*** Records for this task ***
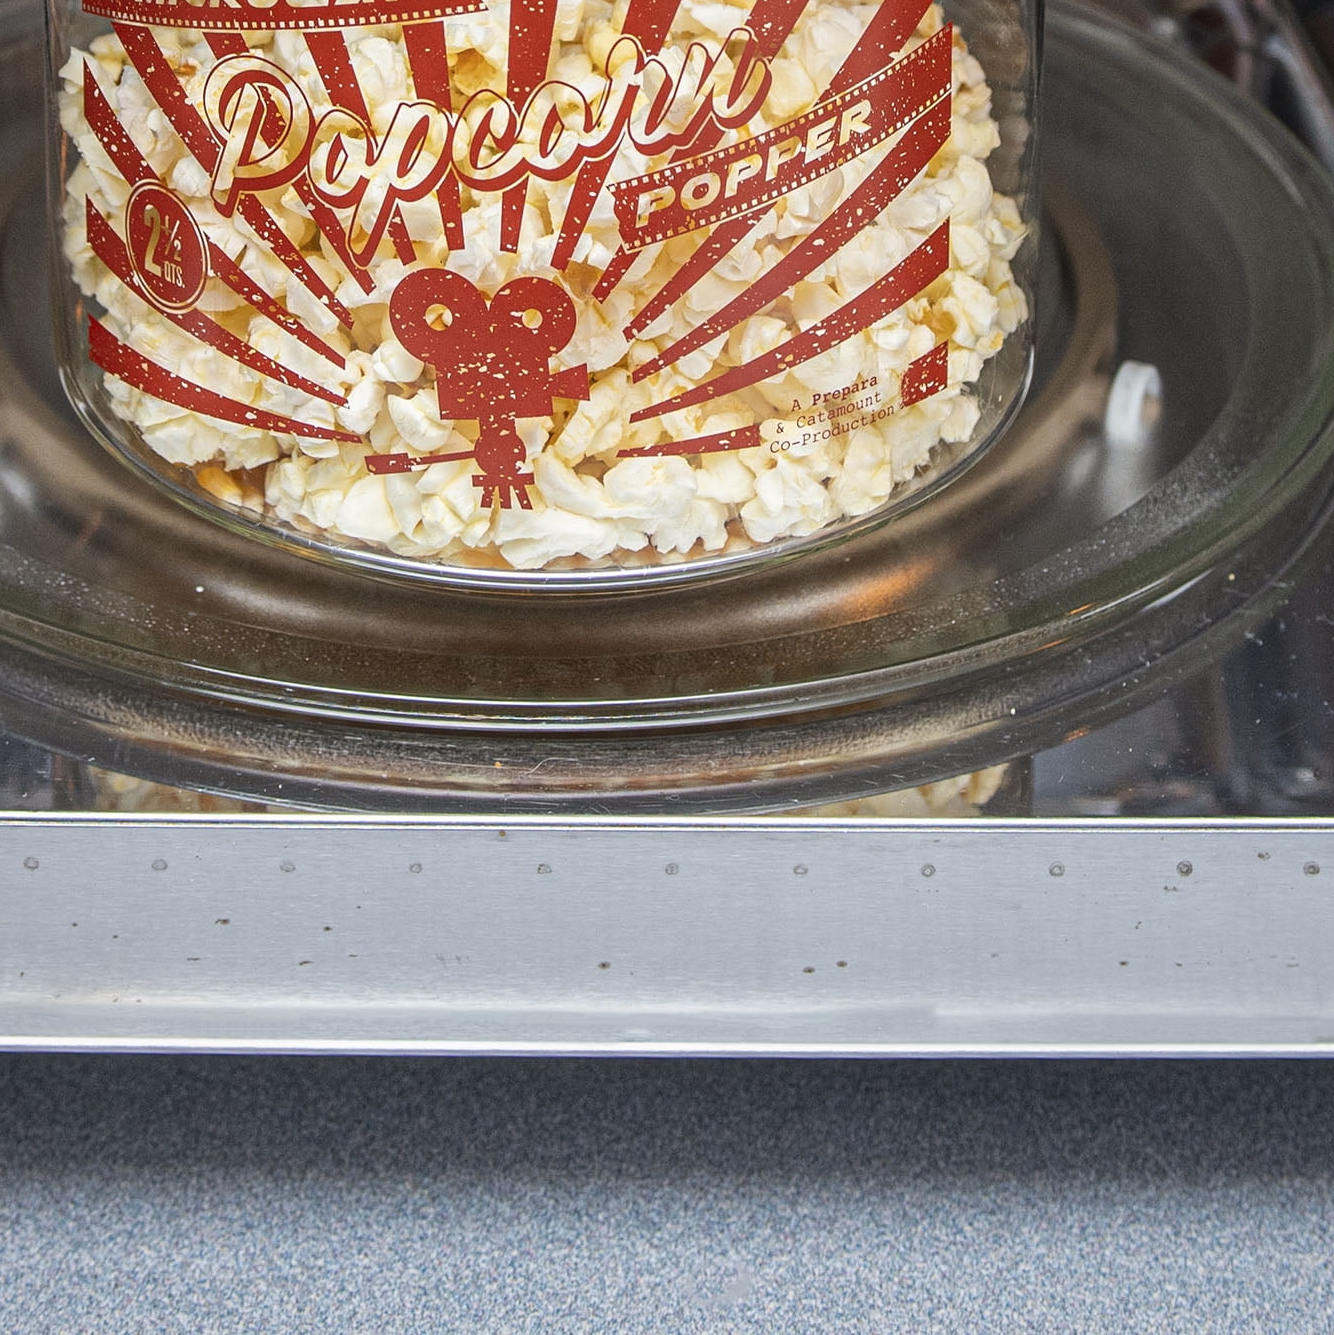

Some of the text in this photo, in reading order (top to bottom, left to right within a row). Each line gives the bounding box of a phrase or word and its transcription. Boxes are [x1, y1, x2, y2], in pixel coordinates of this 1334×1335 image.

[202, 26, 773, 268] Popcorn
[640, 100, 873, 229] POPPER
[776, 392, 882, 434] & Catamount
[791, 376, 878, 411] A Prepara
[769, 404, 895, 454] Co-Production
*** End of Records for this task ***
● **Task prompt**
Every entry above needs to be duplicated precisely, and none of the pictures should appear.

● **Task response**
Some of the text in this photo, in reading order (top to bottom, left to right within a row). Each line gives the bounding box of a phrase or word and its transcription. Boxes are [x1, y1, x2, y2], in pixel coordinates of this 1334×1335 image.

[202, 26, 773, 268] Popcorn
[640, 100, 873, 229] POPPER
[776, 392, 882, 434] & Catamount
[791, 376, 878, 411] A Prepara
[769, 404, 895, 454] Co-Production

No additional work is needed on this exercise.